EXERCISE PROMPT:
Would you quote every entry exactly, dropping only the pictures?

SUPPLIED MATERIAL:
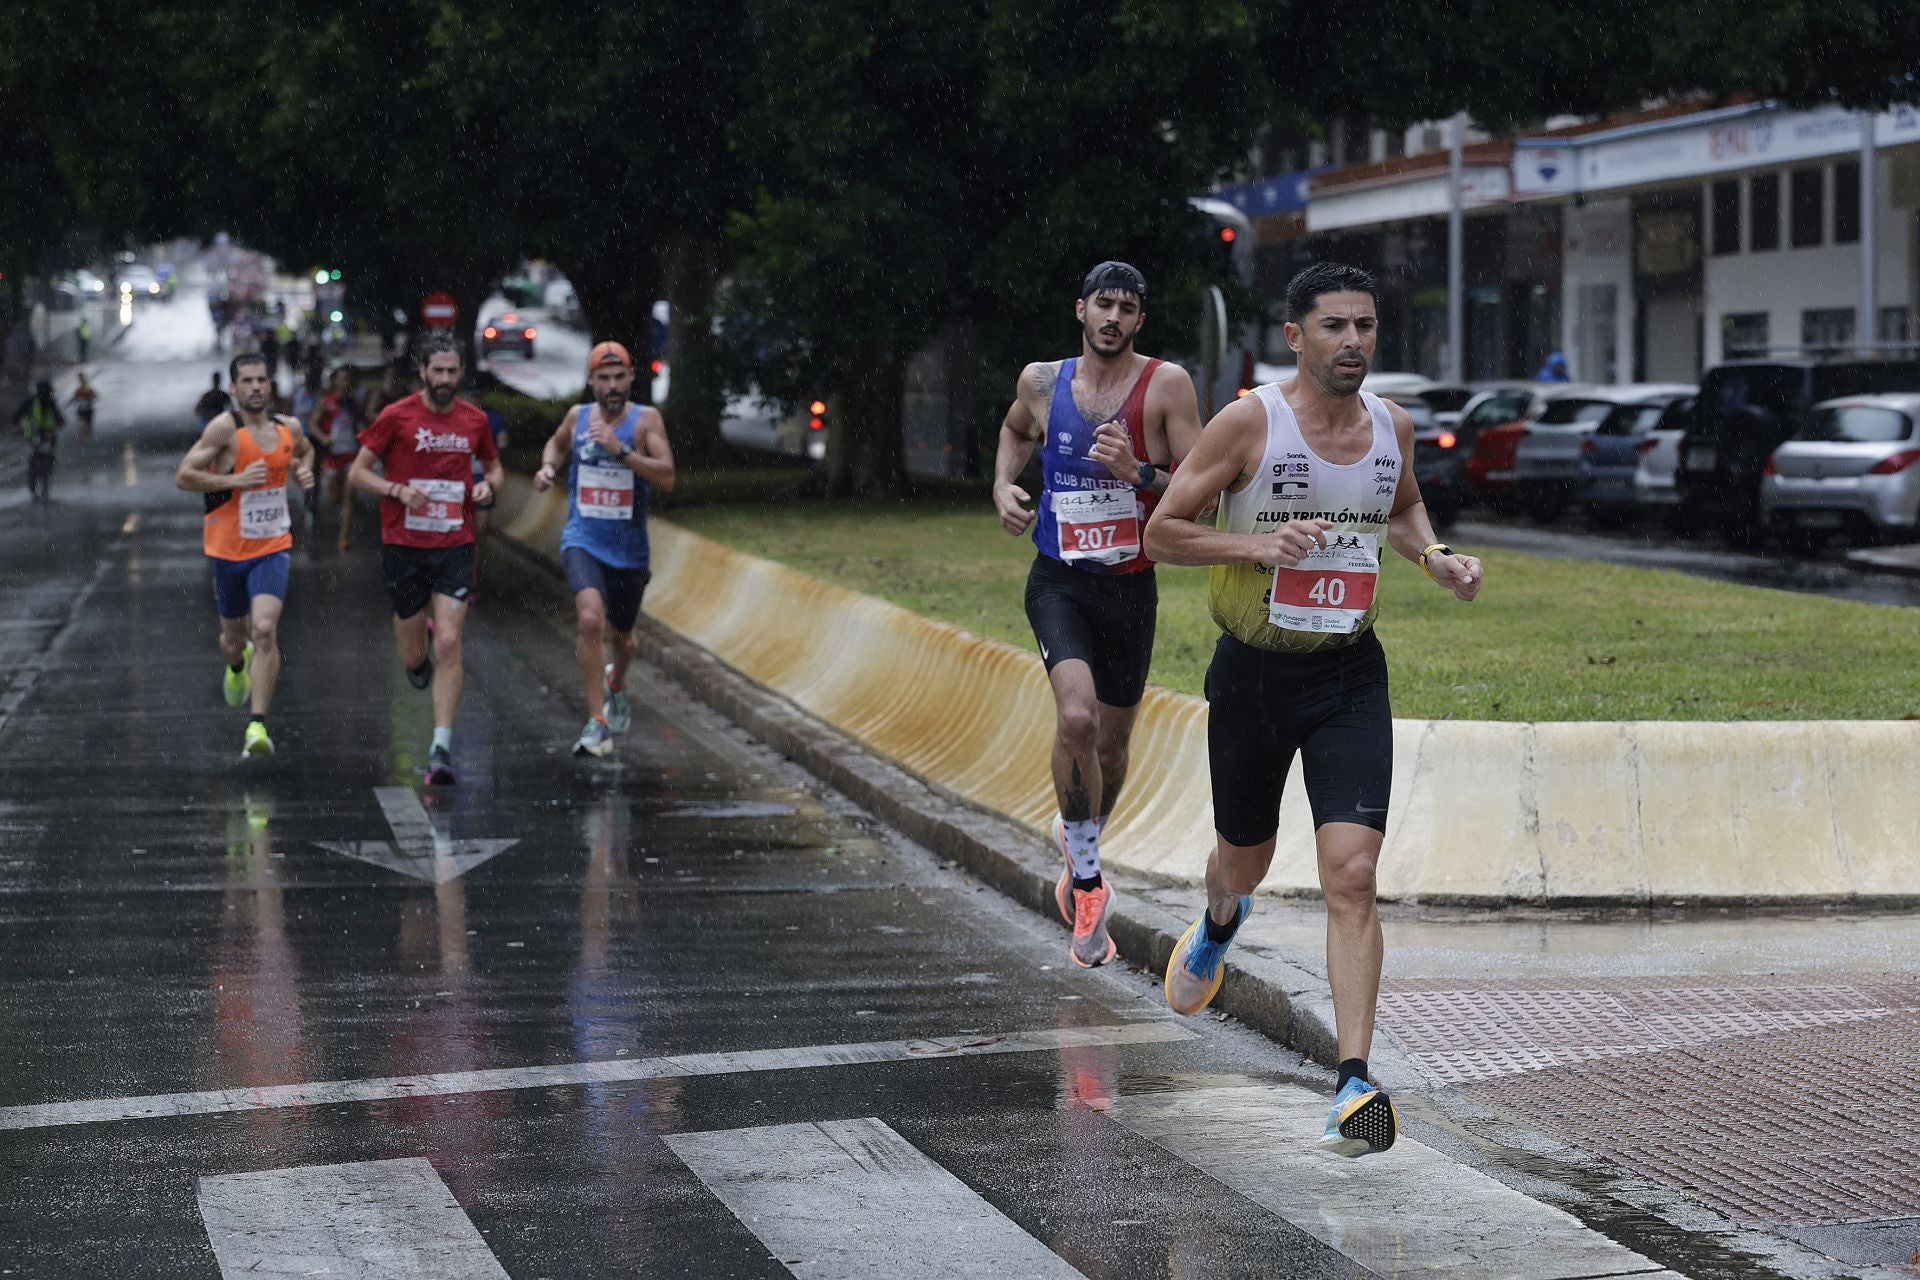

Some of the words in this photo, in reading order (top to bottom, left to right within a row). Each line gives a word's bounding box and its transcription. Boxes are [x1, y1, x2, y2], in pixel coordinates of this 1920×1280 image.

[1272, 463, 1309, 477] gross
[1054, 471, 1078, 487] CLUB
[591, 490, 621, 506] 115
[426, 502, 448, 518] 38
[1256, 511, 1290, 523] CLUB
[1292, 507, 1359, 524] TRIATLÓN
[1073, 525, 1117, 550] 207
[1308, 577, 1346, 606] 40

RESPONSE TO THIS TASK:
Some of the words in this photo, in reading order (top to bottom, left to right within a row). Each line gives a word's bounding box and its transcription. Boxes are [x1, y1, x2, y2], in pixel coordinates of this 1920×1280 image.

[1272, 463, 1309, 477] gross
[1054, 471, 1078, 487] CLUB
[591, 490, 621, 506] 115
[426, 502, 448, 518] 38
[1256, 511, 1290, 523] CLUB
[1292, 507, 1359, 524] TRIATLÓN
[1073, 525, 1117, 550] 207
[1308, 577, 1346, 606] 40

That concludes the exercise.